* _What you will do_
Transcribe the following entries letter for letter, without the pictures.

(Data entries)
^^^^^^^^^^^^^^^^
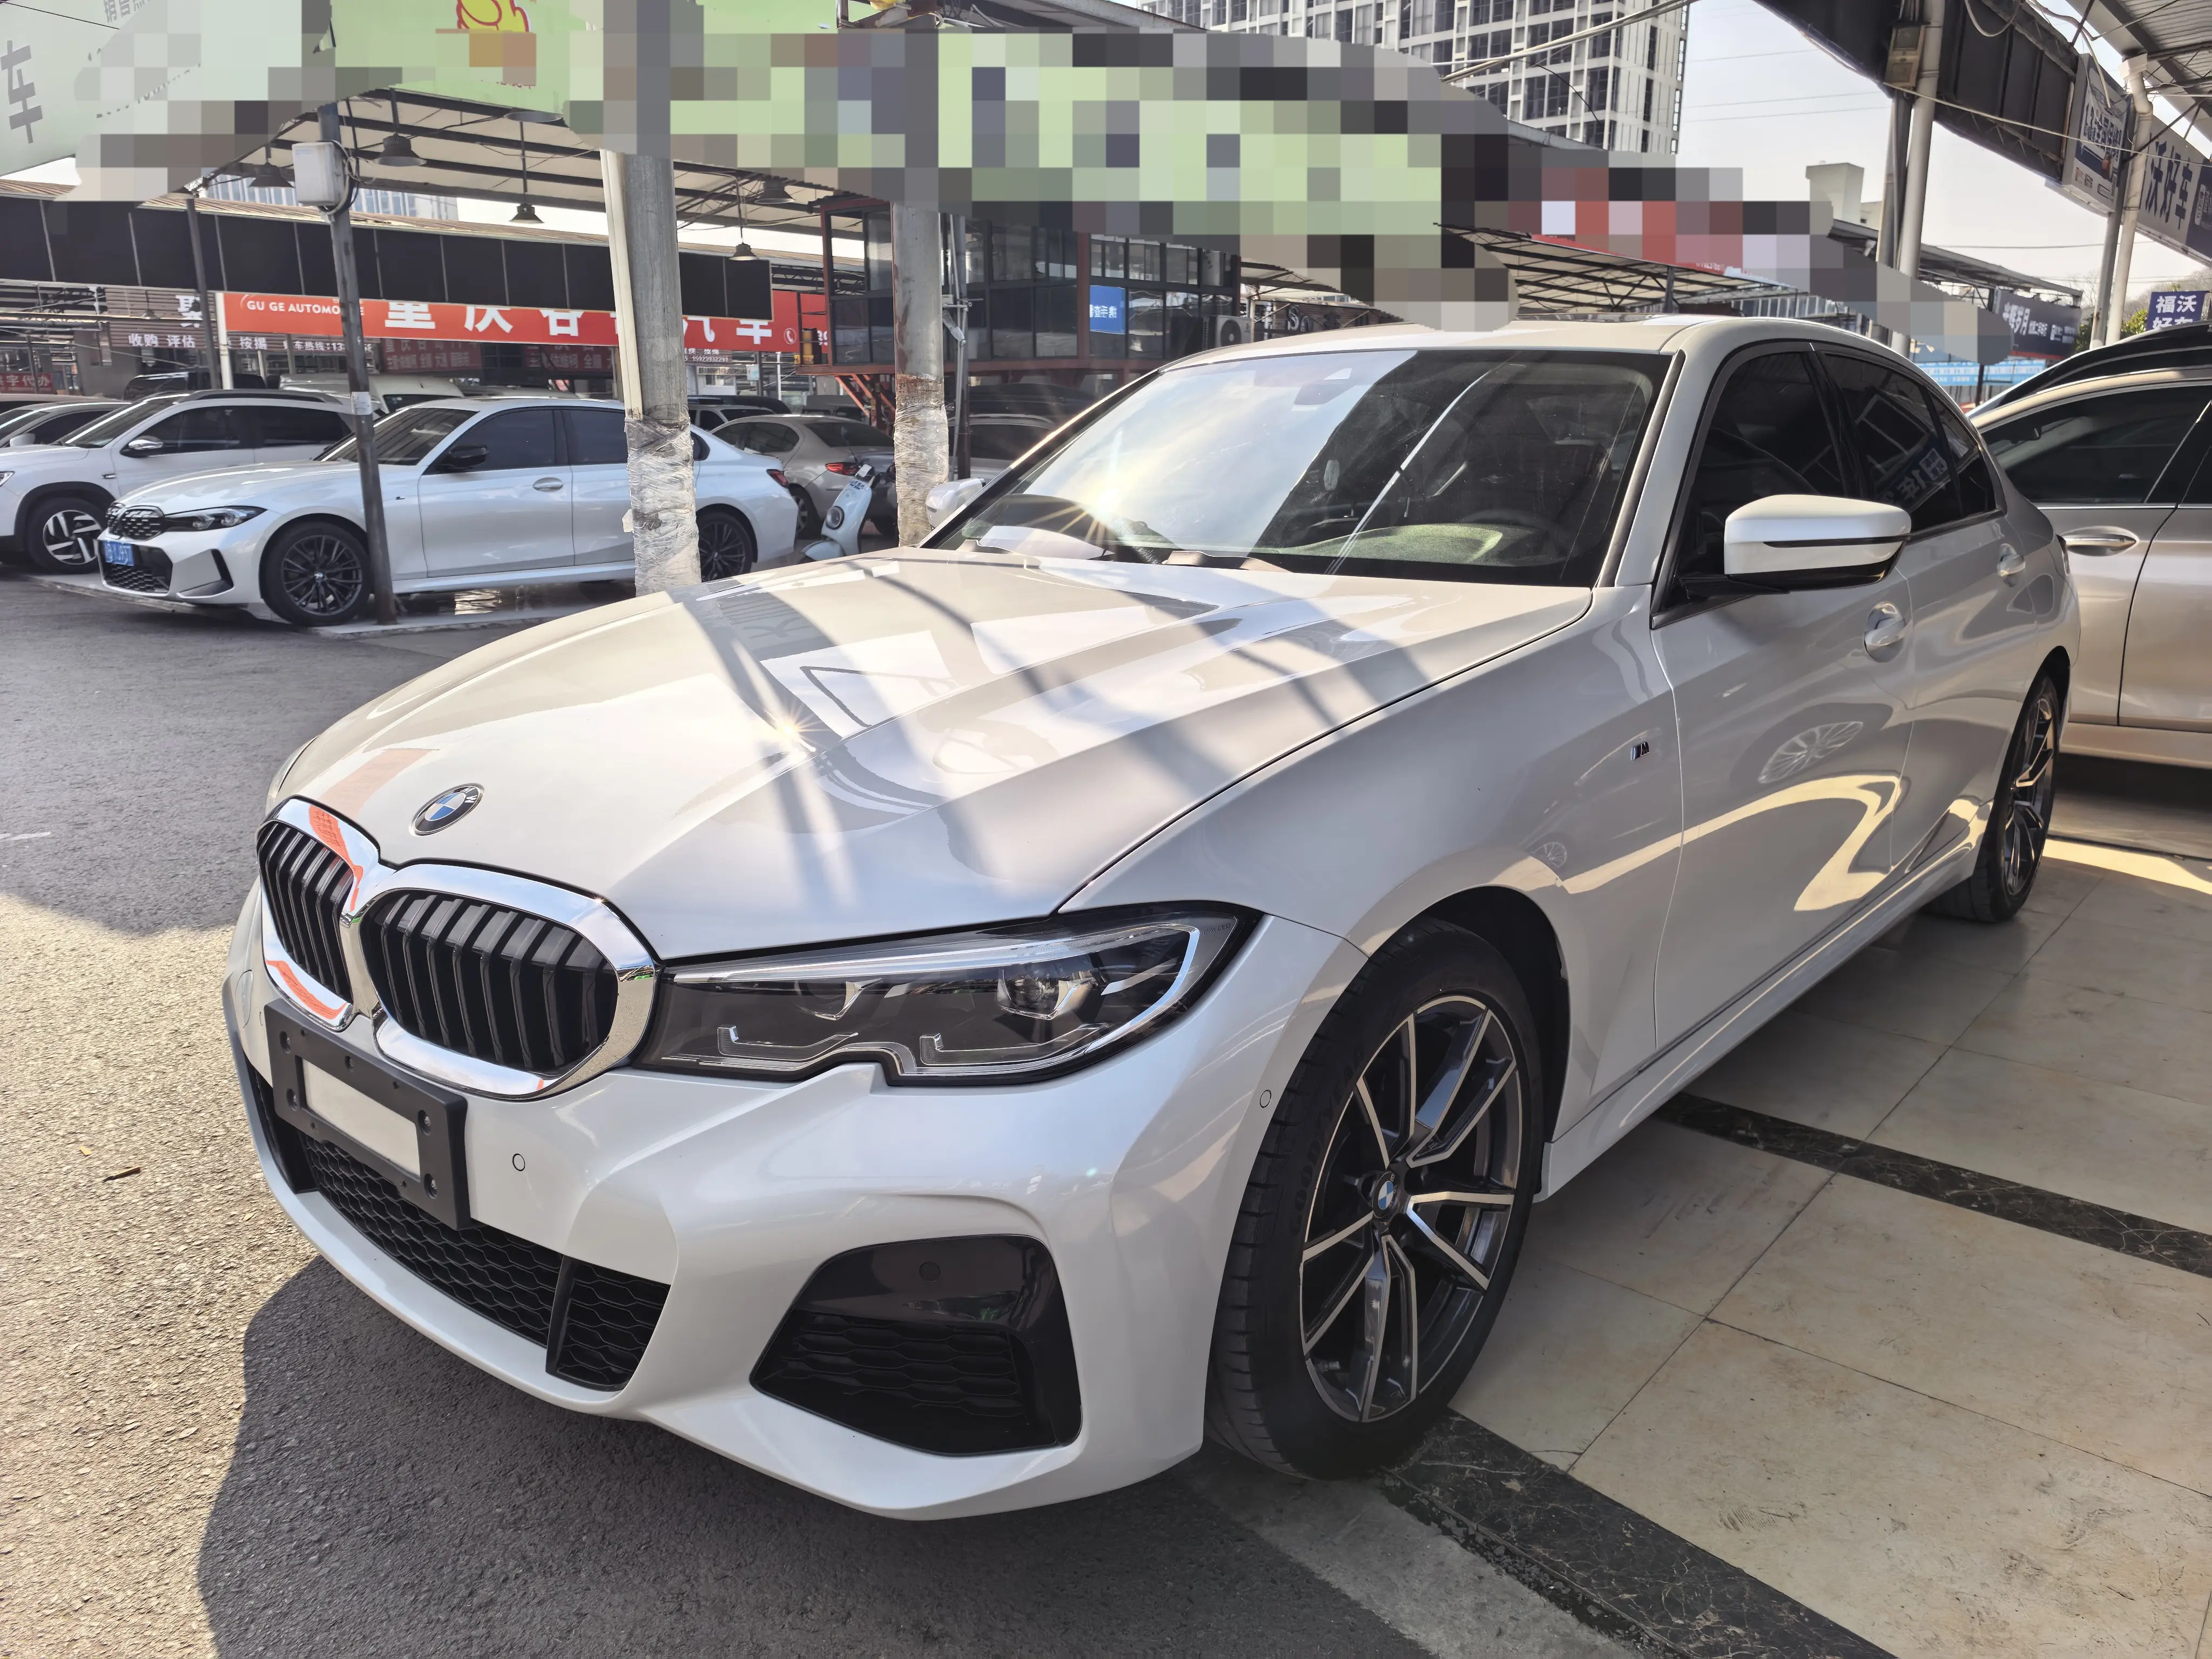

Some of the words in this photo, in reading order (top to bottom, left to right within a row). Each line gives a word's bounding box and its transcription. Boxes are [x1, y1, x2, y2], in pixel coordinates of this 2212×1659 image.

[0, 40, 43, 144] 车
[2146, 140, 2193, 230] 沃好车
[247, 300, 265, 312] GU
[269, 301, 285, 312] GE
[288, 303, 365, 316] AUTOMOE
[2156, 295, 2197, 313] 福沃
[167, 334, 196, 348] 评估
^^^^^^^^^^^^^^^^
* _Response area_
Some of the words in this photo, in reading order (top to bottom, left to right within a row). Each line gives a word's bounding box and its transcription. Boxes are [x1, y1, x2, y2], in pixel coordinates of this 2212×1659 image.

[0, 40, 43, 144] 车
[2146, 140, 2193, 230] 沃好车
[247, 300, 265, 312] GU
[269, 301, 285, 312] GE
[288, 303, 365, 316] AUTOMOE
[2156, 295, 2197, 313] 福沃
[167, 334, 196, 348] 评估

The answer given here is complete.